Il y a des jours on l’on ne sait pas dans quel interstice se glisser. Il y a des jours où rien que de parler fait affront à l’harmonie. Il y a des jours où il faut peut-être s’abstenir d’être.
Ces images interdites.
Je trie des images, je reprends ce travail fait à Niort, et je tombe sur ce portrait de Pauline, qui m’avait tant touchée par sa sensibilité et sa grâce. Cette jeune-fille qui semblait toujours avoir un pied dans le vide, flottait dans la vie comme une brise légère, on ne savait réellement jamais si elle était passée là ou pas…
La liberté d’aimer, la liberté de s’embrasser, la liberté de mettre un pied devant l’autre, la liberté de s’agiter en classe, la liberté de laisser tomber un crayon, a liberté d’avoir les mains sales, la liberté de se prêter un pull, la liberté de transpirer ensemble, la liberté de rire aux éclats et d’en cracher sur l’autre, la liberté de se bousculer… va-t-on abandonner tout ce qui fait que nous sommes vivants pour éviter peut-être d’en mourir ?
La fente. L’interstice. Moi j’ai un peu l’impression qu’on est là en ce moment. Dans l’étau, mais à la fois, on prend le temps de vivre. Bon, je me mens un peu, parce que si on regarde bien l’image, le mec il est pas entre les deux murs, non, lui, il est derrière, en pleine lumière, les pieds dans l’eau, et il pêche. Donc en gros si on met l’image à plat, c’est au présent, et si on la remet en perspective, c’est au fantasme. Euh, au futur.
Je n’ai pas le moindre souvenir de cette image. C’est un rivage qui m’a pourtant marquée, mais je l’ai oublié. C’est tellement bizarre, des images que l’on a faites, et qui ne font plus partie de nous. Elles se sont détachées, et on les retrouve dans une boîte, comme des bouteilles à la mer qu’on se serait envoyées à nous-mêmes, dans un autre temps… C’est marrant, j’aime bien cette idée en fait.
Il y a des jours où la tristesse est totale. On ne peut rien faire d’autre que d’être triste.
L’horizon est une ligne qui recule lorsque l’on s’avance vers elle. Mais si on arrivait à la stopper, pourrait-on enfin voir ce qu’il y a derrière ? Et puis, est-ce que ça nous avancerait vraiment à quelque chose ?
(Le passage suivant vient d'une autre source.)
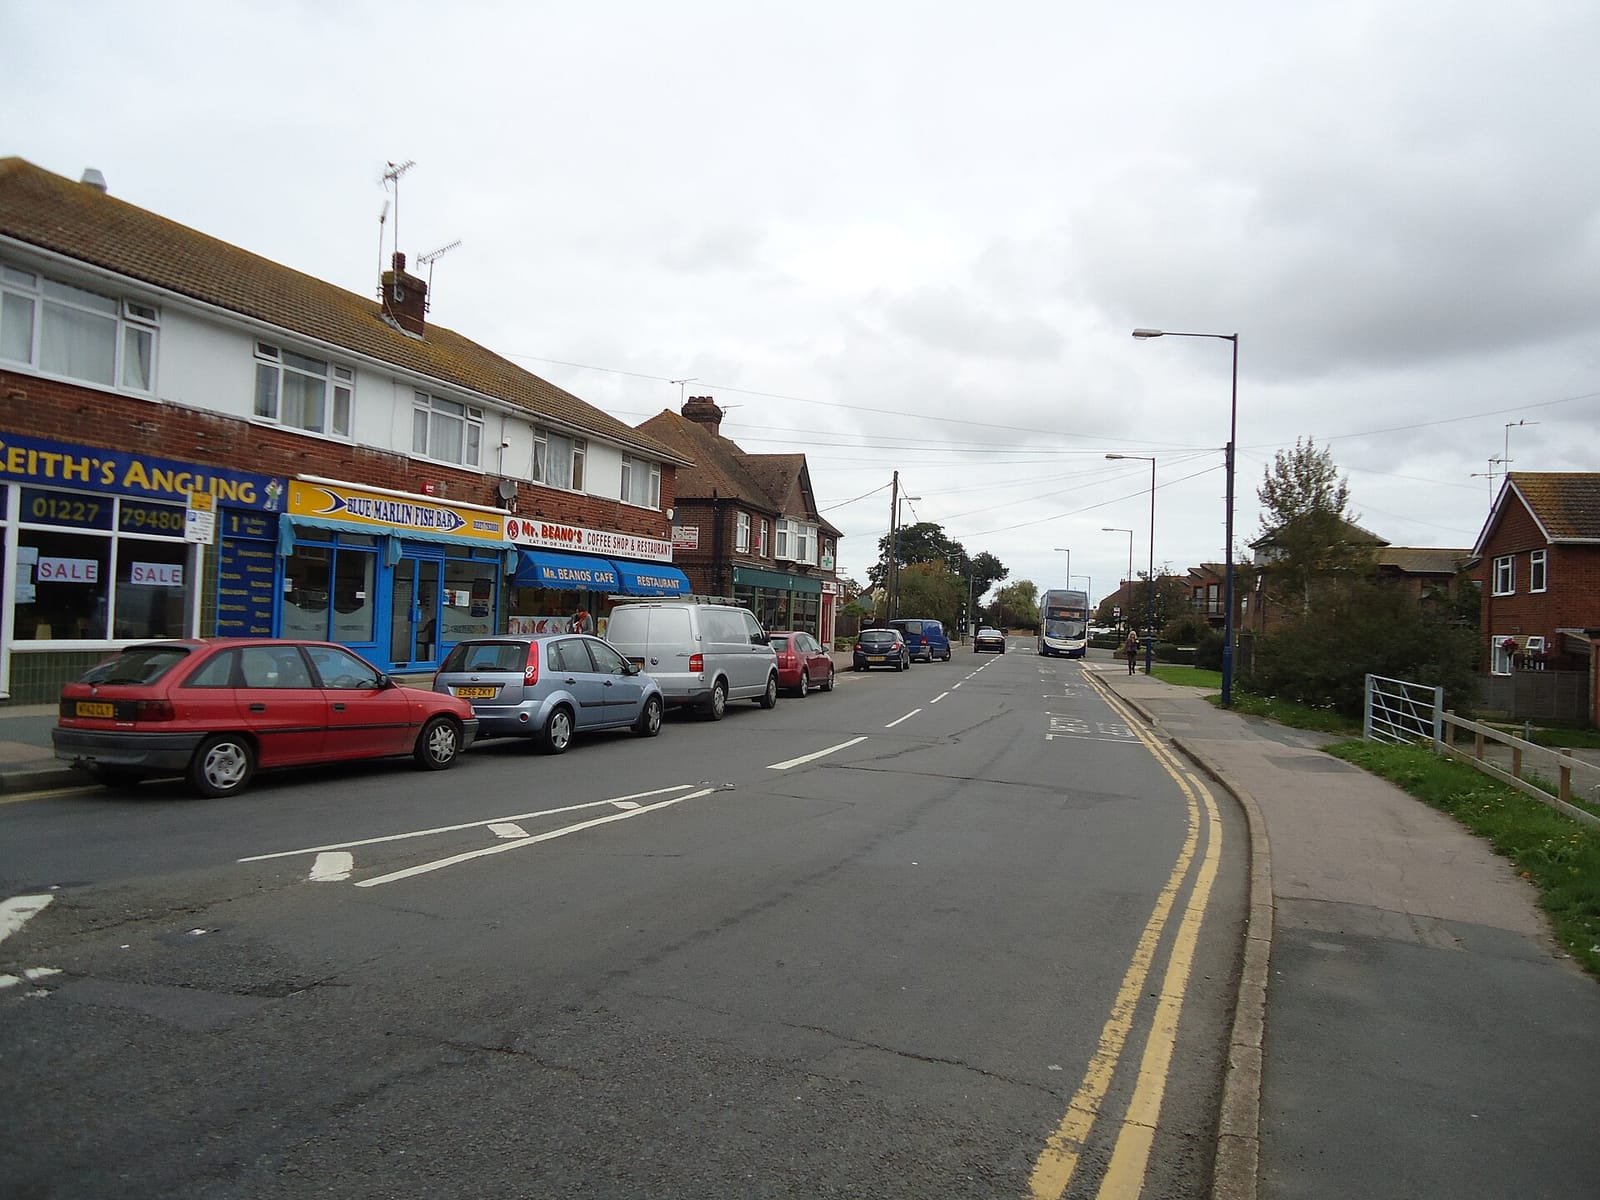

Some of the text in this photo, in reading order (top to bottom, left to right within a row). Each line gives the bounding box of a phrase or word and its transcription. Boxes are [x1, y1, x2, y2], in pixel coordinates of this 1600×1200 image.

[0, 441, 257, 504] EITH'S ANGLING
[32, 497, 99, 522] 01227
[121, 507, 187, 531] 79480
[347, 498, 371, 517] BLUE
[373, 500, 412, 524] MARLIN
[415, 506, 434, 526] FISH
[436, 508, 453, 528] BAR
[522, 521, 538, 537] Mr.
[541, 524, 583, 544] BEANO'S
[587, 532, 611, 548] COFFEE
[613, 536, 628, 550] SHOP
[631, 540, 635, 551] &
[637, 540, 671, 556] RESTAURANT
[41, 562, 97, 580] SALE
[134, 567, 181, 583] SALE
[594, 572, 615, 583] CAFE
[637, 576, 680, 589] RESTAURANT
L’autre jour, Christophe est mort. Il y a des tristesses esthétiques qu’on ne sait pas vraiment expliquer, car je ne connaissais pas cet homme ! Mais son cœur parlait au mien.
L’autre jour, j’ai lu :
« Ma résolution était prise : pour obéir aux ordres du médecin, j’obligerais mon père à prendre au moins une demi-heure de repos. N’était-ce pas mon devoir ?
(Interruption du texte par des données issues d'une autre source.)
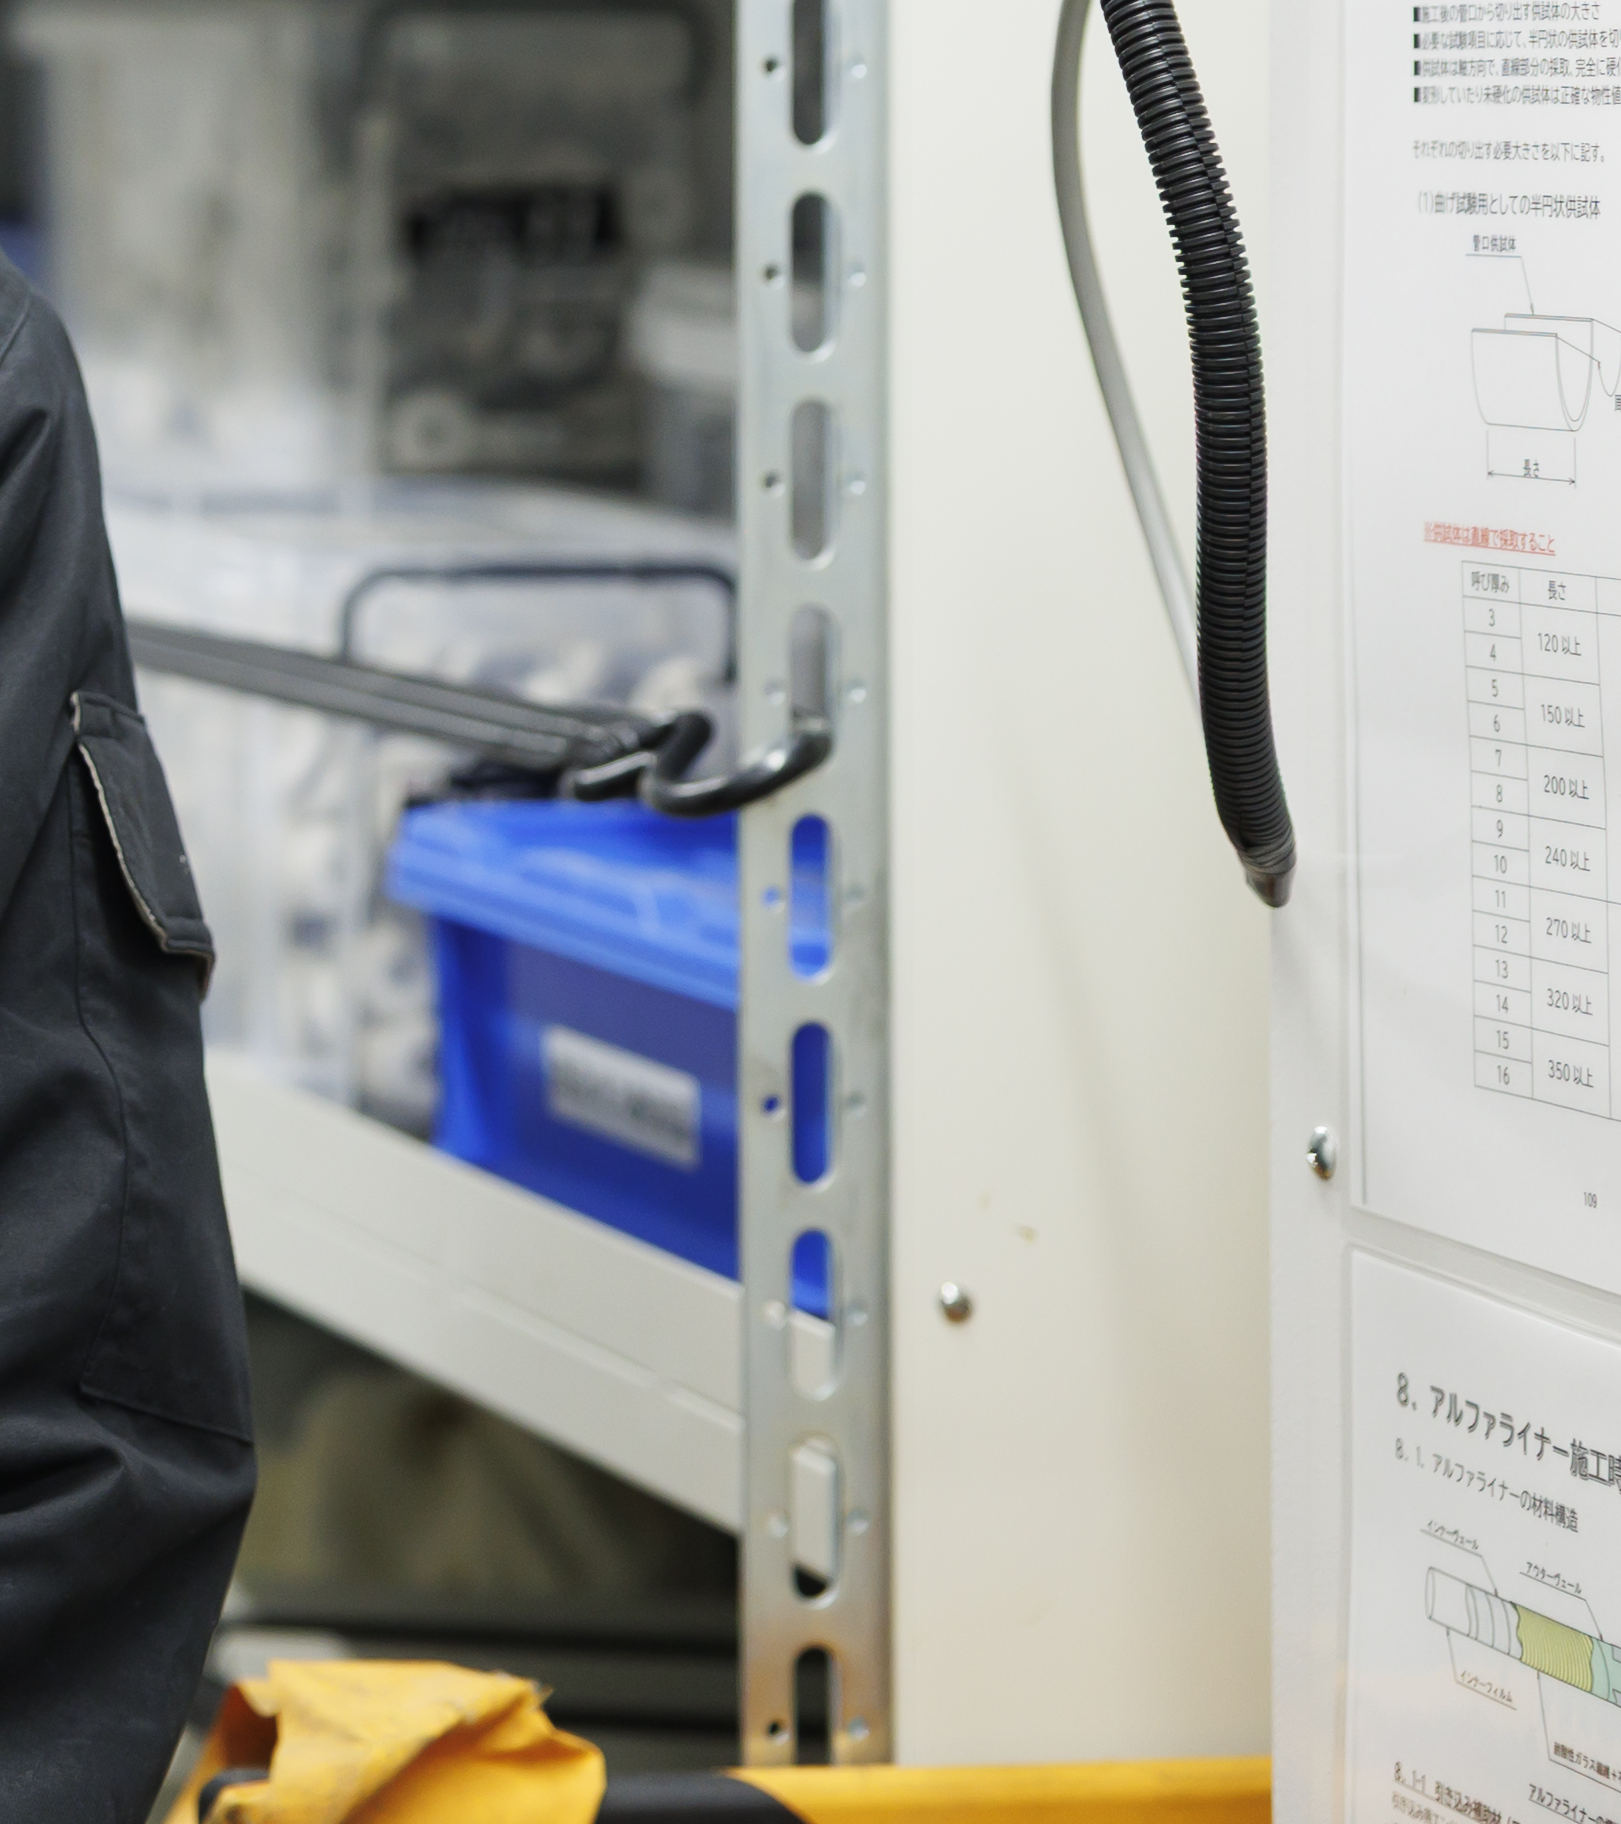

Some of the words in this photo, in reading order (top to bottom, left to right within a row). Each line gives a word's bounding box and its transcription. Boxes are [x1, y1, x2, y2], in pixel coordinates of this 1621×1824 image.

[1523, 459, 1540, 478] 長さ
[1470, 571, 1510, 594] 呼び厚み
[1547, 580, 1567, 602] 長さ
[1488, 608, 1495, 627] 3
[1489, 644, 1497, 662] 4
[1491, 679, 1499, 698] 5
[1493, 714, 1501, 733] 6
[1495, 749, 1502, 767] 7
[1496, 784, 1503, 803] 8
[1496, 819, 1504, 838] 9
[1494, 854, 1507, 874] 10
[1495, 889, 1506, 908] 11
[1495, 924, 1508, 944] 12
[1495, 959, 1508, 979] 13
[1496, 994, 1509, 1014] 14
[1496, 1030, 1509, 1050] 15
[1497, 1065, 1510, 1086] 16
[1583, 1191, 1598, 1209] 109
Au même instant, mon père essaie de gagner le bord de son lit et de se lever. Une vigoureuse pression de ma main sur son épaule l’en empêche, tandis que d’une voix forte et impérieuse, je lui ordonne de ne pas bouger. Tout d’abord terrorisé, il obéit, mais presque aussitôt après il s’écrie :
– je meurs !
Et il se dresse. Epouvanté à mon tour, je laisse mon bras se détendre, et voilà mon père assis au bord du lit. Nous sommes face à face.
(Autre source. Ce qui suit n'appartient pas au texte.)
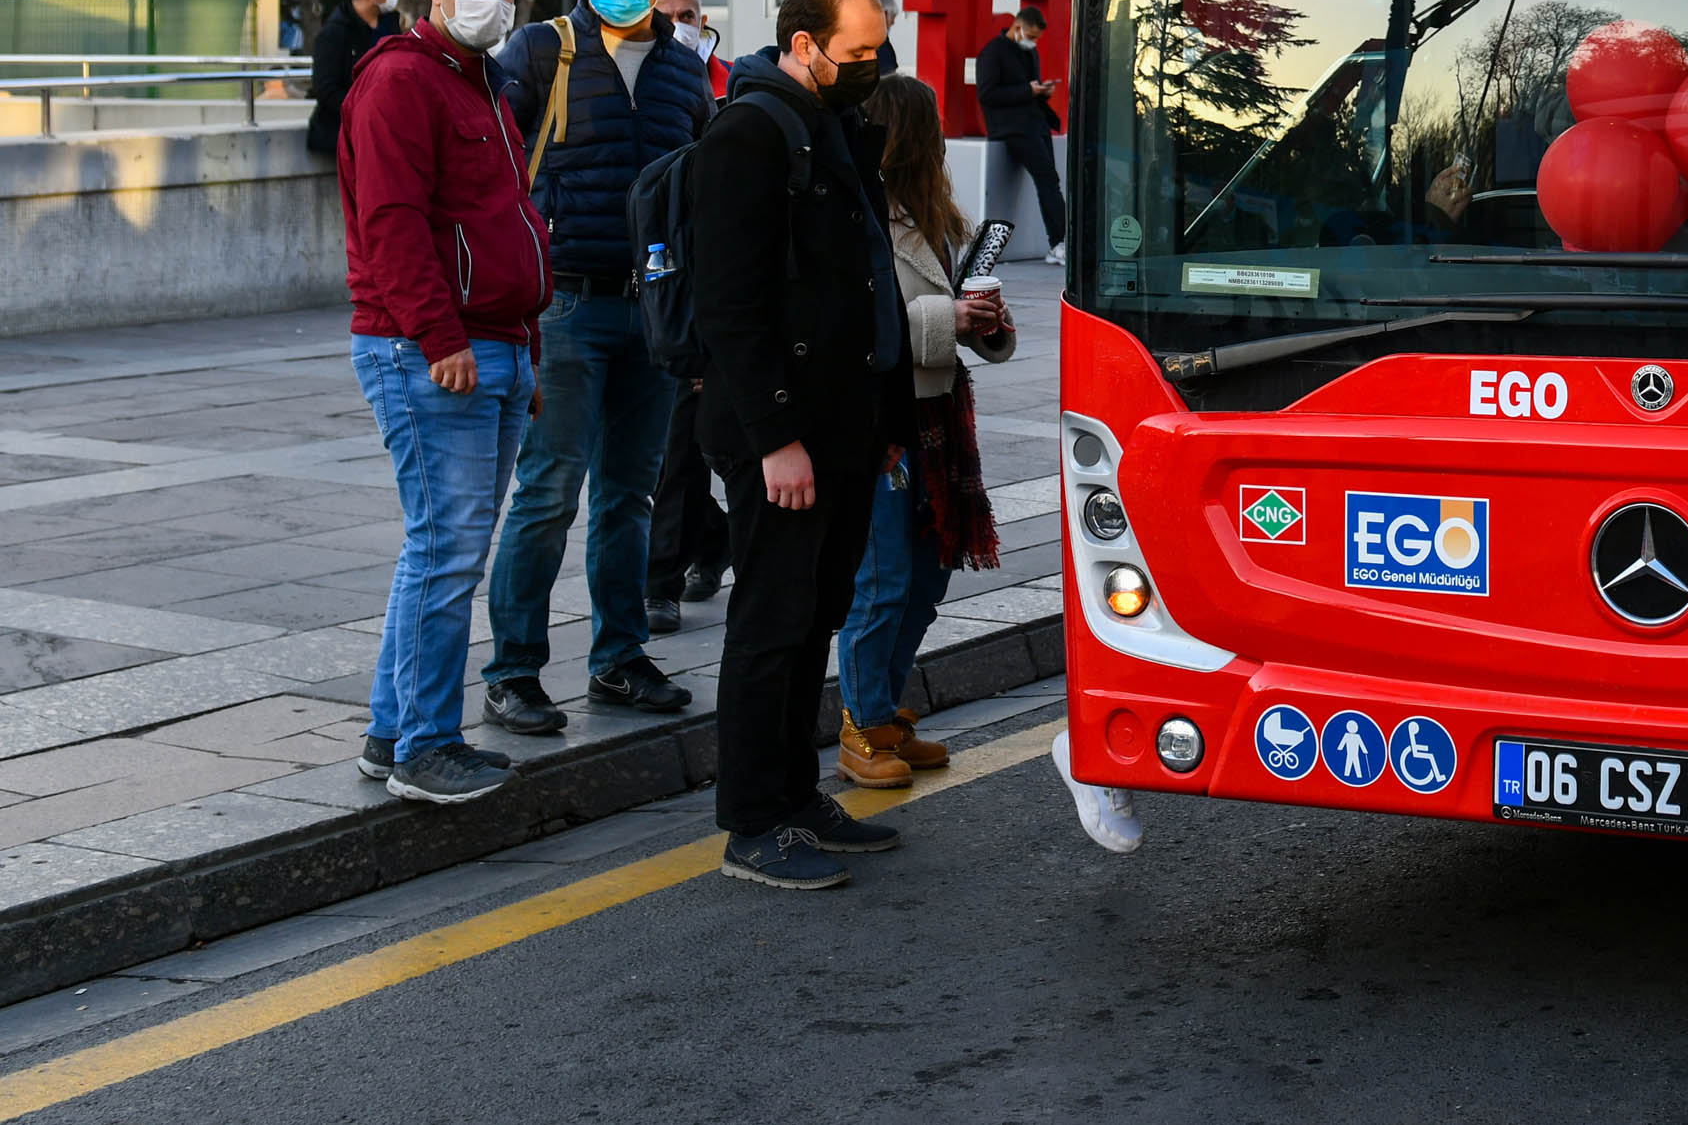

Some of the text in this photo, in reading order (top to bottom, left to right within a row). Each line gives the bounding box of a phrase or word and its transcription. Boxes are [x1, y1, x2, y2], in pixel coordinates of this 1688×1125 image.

[1469, 370, 1569, 420] EGO
[1252, 504, 1292, 525] CNG
[1353, 511, 1480, 569] EGO
[1353, 567, 1481, 590] EGO Genel Müdürlüğü
[1503, 779, 1521, 795] TR
[1526, 750, 1578, 806] 06
[1600, 757, 1681, 815] CSZ
[1512, 809, 1562, 823] Mercedes-Benz
[1580, 815, 1655, 831] Mercedes-Benz
Je pense que sa colère s’accrut alors du fait qu’il me trouvât devant lui pour le gêner, ne fût-ce qu’une seconde de plus, dans ses mouvements. Il dut avoir l’impression qu’en me tenant debout ainsi devant lui, assis, je lui ôtais jusqu’à l’air dont il avait besoin. Au prix d’un effort suprême, il arriva à se mettre debout; il leva la main le plus haut qu’il put, comme s’il se fût rendu compte qu’il ne pouvait lui communiquer d’autre force que celle de son propre poids, et il la laissa retomber sur ma joue. Puis il glissa sur le lit et du lit sur le parquet. Mort ! »
Italo Svevo, La Conscience de Zéno (1923)
Il est drôle de lire dans un livre ce qu’il y a 16 ans j’ai vécu, un peu différemment, quand mon père est mort.
Je visionne le film photographique de Temps Zéro. A un moment, quelqu’un demande : « Passez-vous une belle journée ? Pourquoi passez-vous une belle journée ? Ou pourquoi passez-vous une mauvaise journée ? » puis : « Demain, vous préfèreriez passer une bonne journée, ou vous préfèreriez passer une mauvaise journée ? »… en écho, quelqu’un d’autre affirme : « Le bonheur, c’est d’aimer ce que l’on a »…à l’autre bout de ce temps où le présent ne semble plus avoir ni passé ni futur, au croisement, il y a La Jetée, de Chris Marker. Qui nous dit : « On ne peut échapper au temps »… Tout n’est finalement qu’une question de point de vue, non ?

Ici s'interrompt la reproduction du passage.